Images for object localization:

○ ○ ○ ○ ○ ○ ○

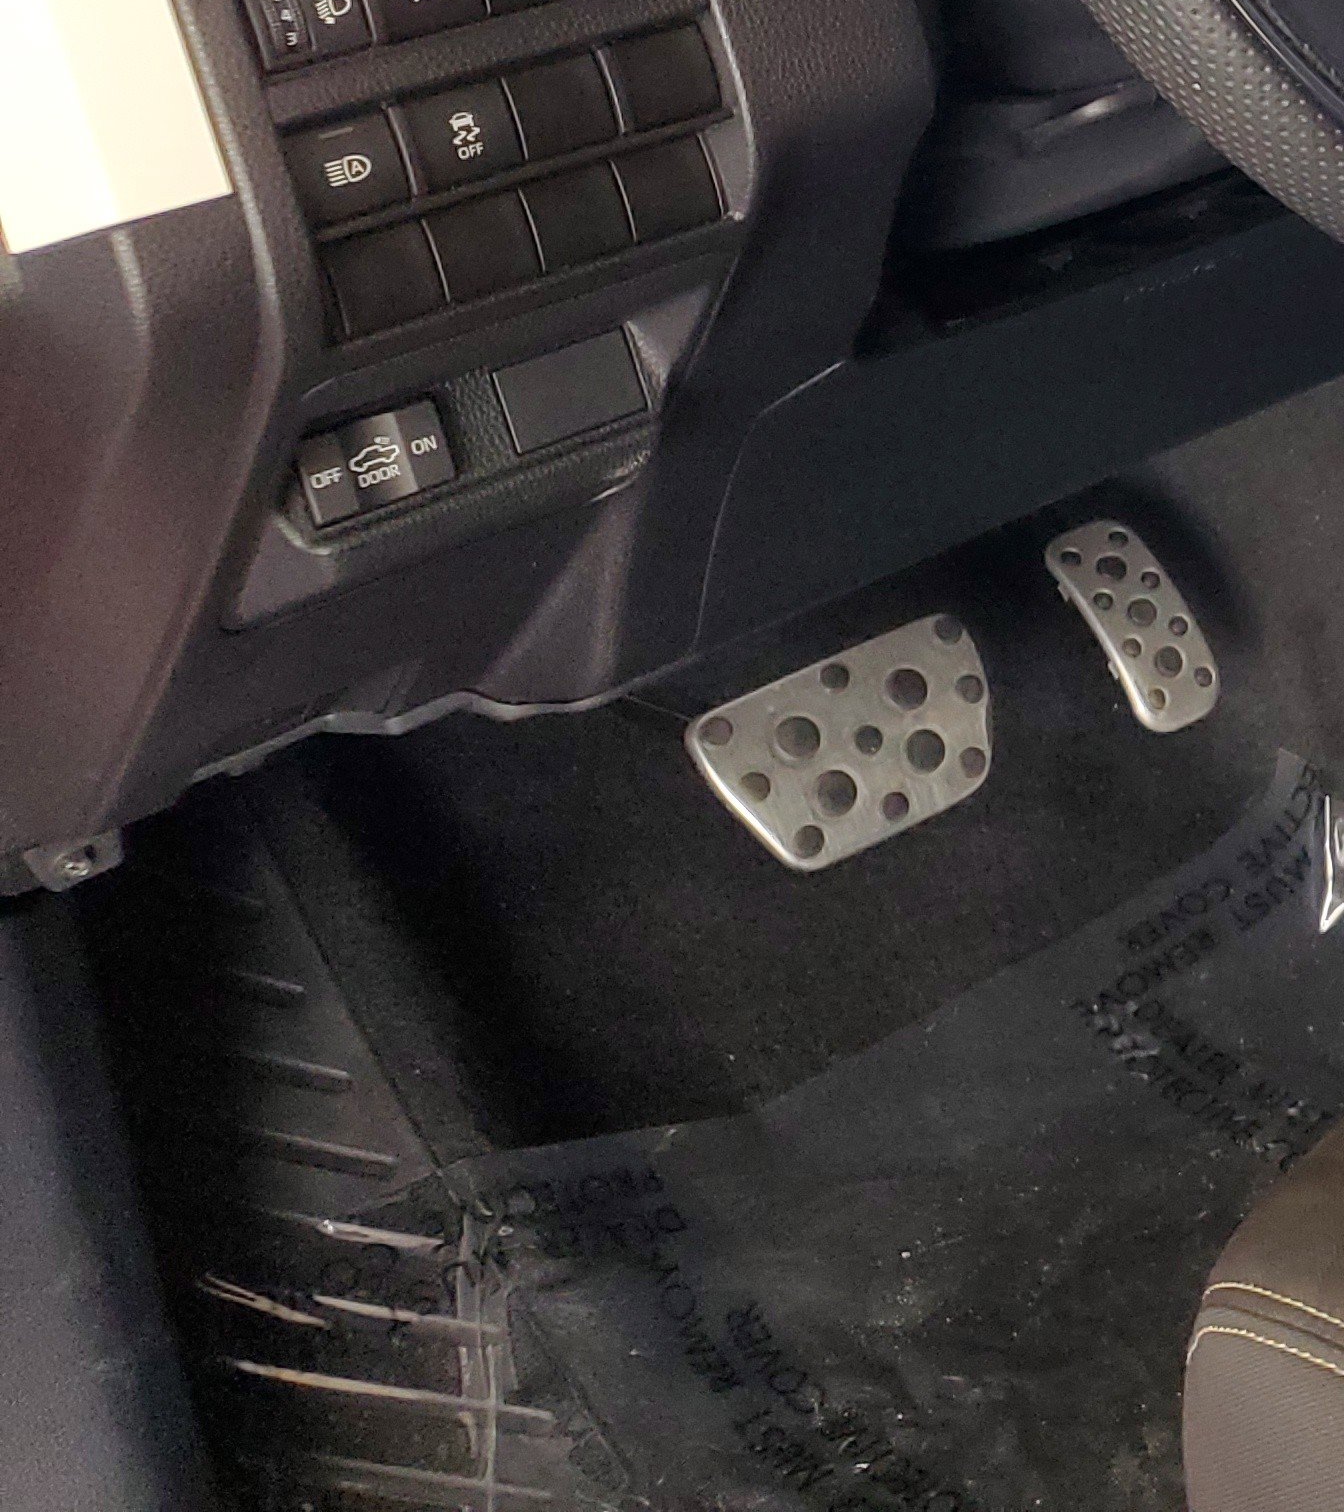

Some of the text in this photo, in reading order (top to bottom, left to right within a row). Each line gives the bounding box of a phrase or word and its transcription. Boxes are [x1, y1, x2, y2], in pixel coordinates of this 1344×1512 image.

[285, 32, 299, 47] 3
[456, 142, 485, 160] OFF
[410, 435, 438, 456] ON
[310, 467, 342, 489] OFF
[358, 464, 401, 489] DOOR
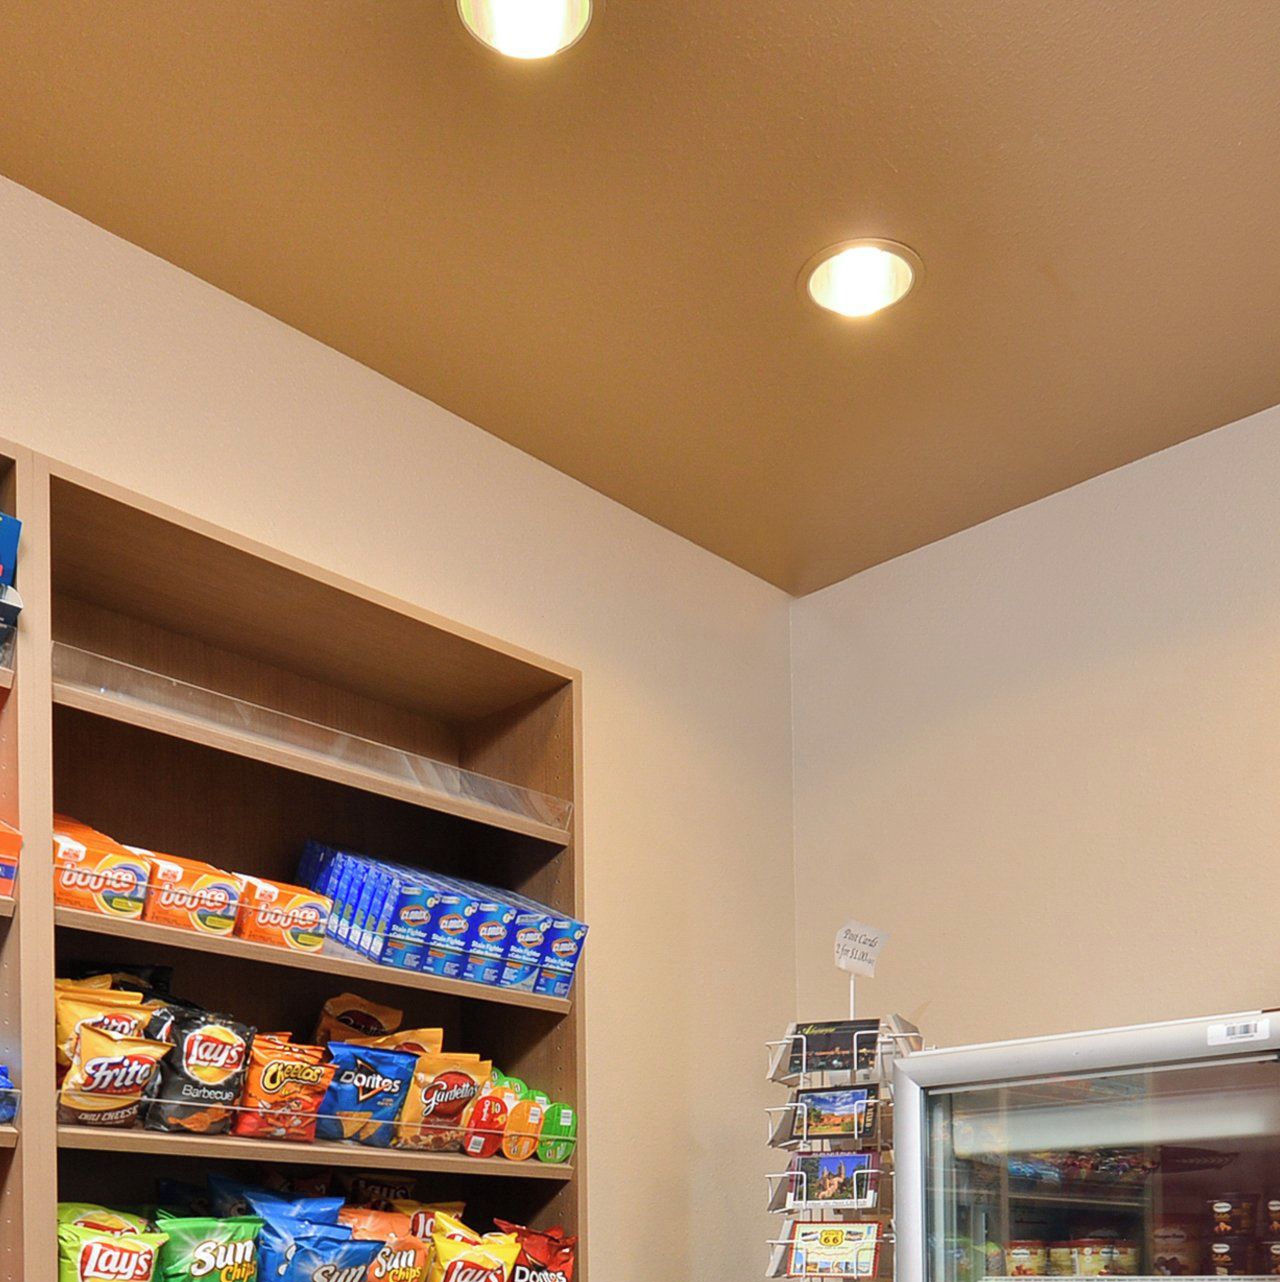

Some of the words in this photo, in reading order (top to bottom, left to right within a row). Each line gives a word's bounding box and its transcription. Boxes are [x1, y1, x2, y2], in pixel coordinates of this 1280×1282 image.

[60, 861, 135, 892] bounce
[160, 883, 227, 911] bounce
[257, 904, 319, 928] bounce
[187, 1035, 244, 1069] Lay's
[262, 1061, 323, 1091] Cheetos
[340, 1071, 402, 1093] Doritos
[182, 1084, 234, 1101] Barbecue
[421, 1079, 481, 1117] Gardetto's
[102, 1106, 139, 1121] CHEESE
[83, 1243, 152, 1280] Lay's
[190, 1239, 255, 1277] Sun
[374, 1247, 416, 1280] Sun
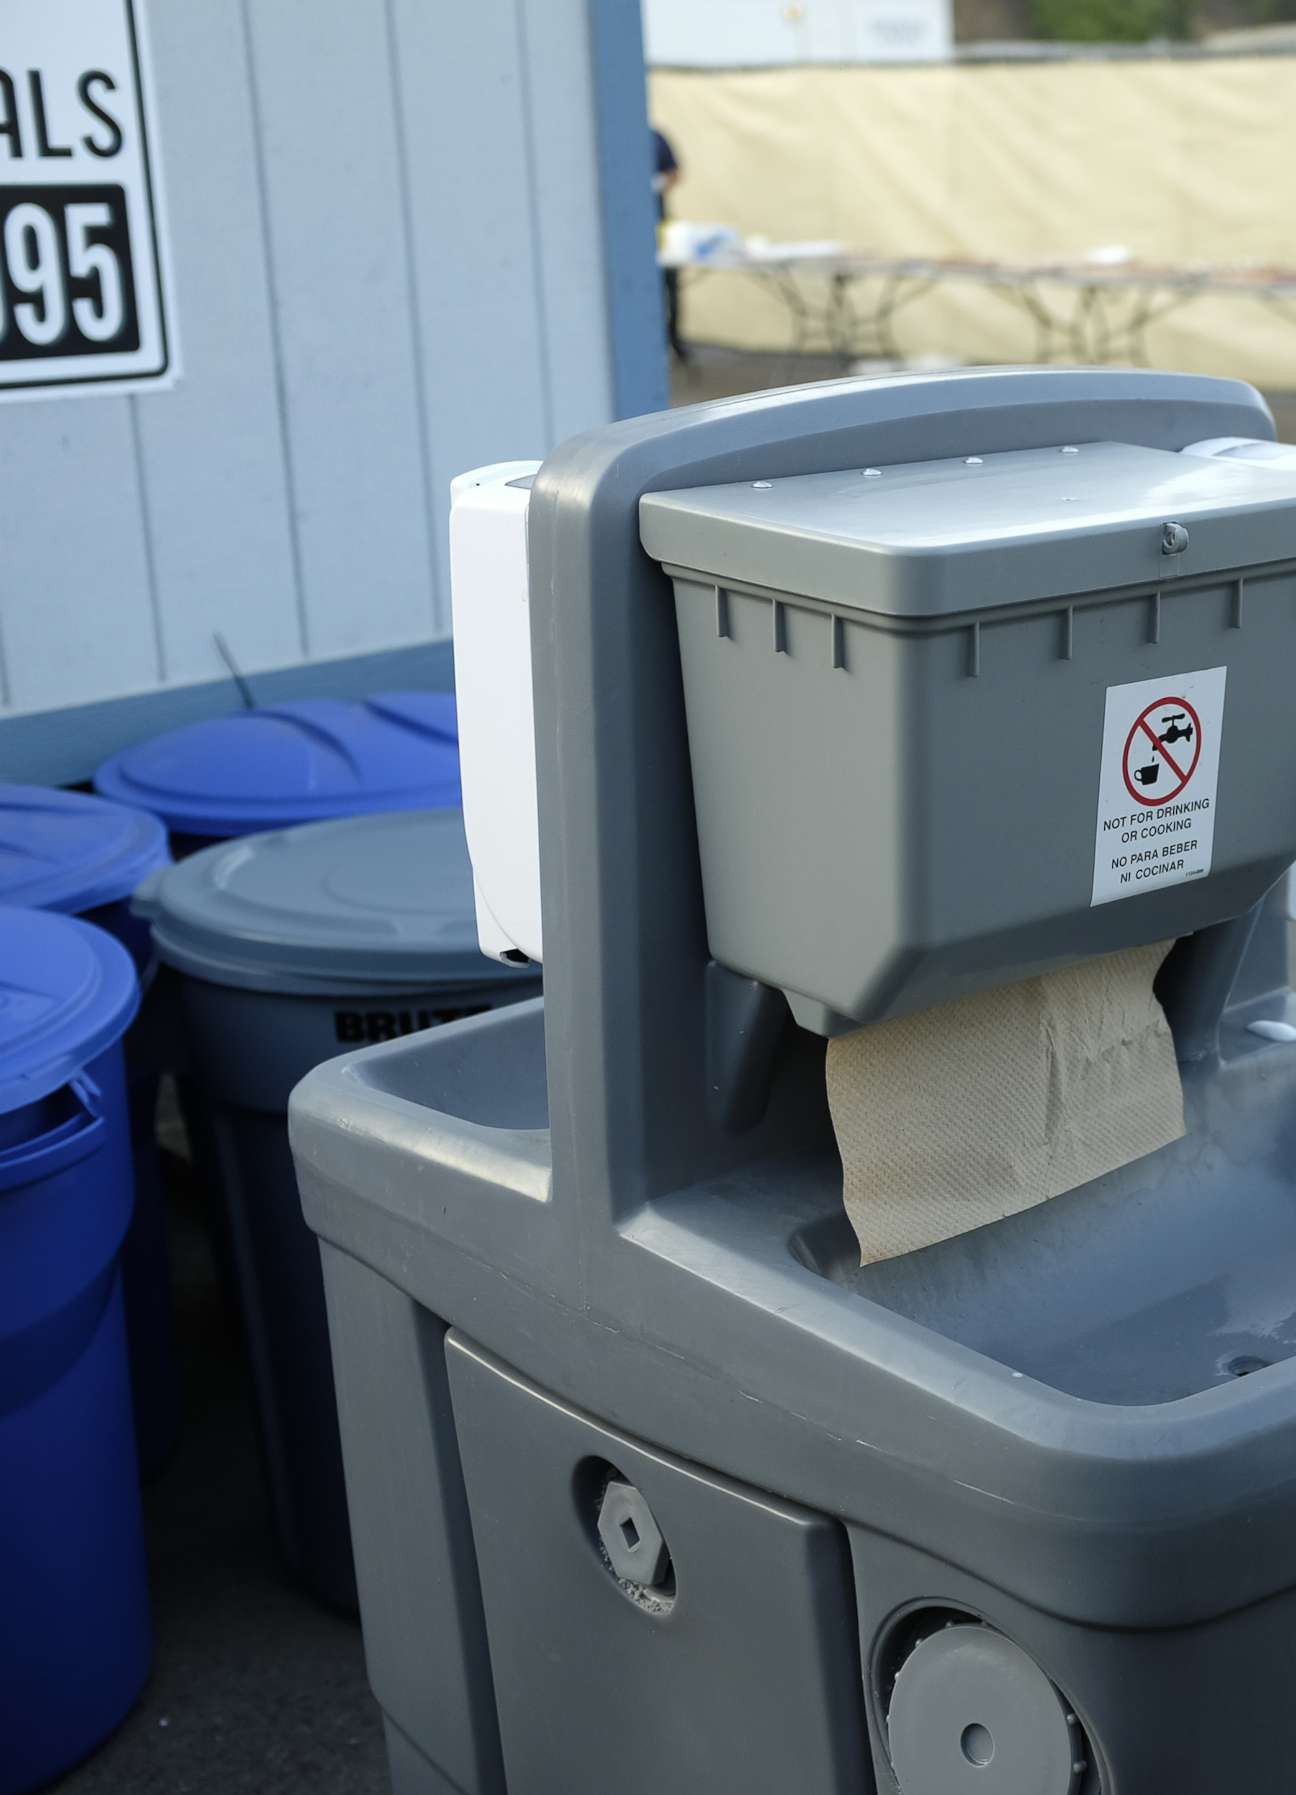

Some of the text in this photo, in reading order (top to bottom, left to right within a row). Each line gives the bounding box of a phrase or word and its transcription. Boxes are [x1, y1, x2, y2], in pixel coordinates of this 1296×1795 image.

[0, 202, 124, 345] 95
[1103, 798, 1210, 831] NOT FOR DRINKING
[1121, 818, 1192, 843] OR COOKING
[1111, 840, 1198, 869] NO PARA BEBER
[1120, 872, 1131, 883] NI
[1135, 859, 1184, 880] COCINAR
[335, 1004, 493, 1043] BRUT

○ ○ ○ ○ ○ ○ ○

:: TASK ITEM ::
Only a word-for-word repetition of the lines from the one containing "this 1296×1795 image." to the final line of the data above counts as the answer.

:: OUTPUT FOR THIS EXERCISE ::
Some of the text in this photo, in reading order (top to bottom, left to right within a row). Each line gives the bounding box of a phrase or word and its transcription. Boxes are [x1, y1, x2, y2], in pixel coordinates of this 1296×1795 image.

[0, 202, 124, 345] 95
[1103, 798, 1210, 831] NOT FOR DRINKING
[1121, 818, 1192, 843] OR COOKING
[1111, 840, 1198, 869] NO PARA BEBER
[1120, 872, 1131, 883] NI
[1135, 859, 1184, 880] COCINAR
[335, 1004, 493, 1043] BRUT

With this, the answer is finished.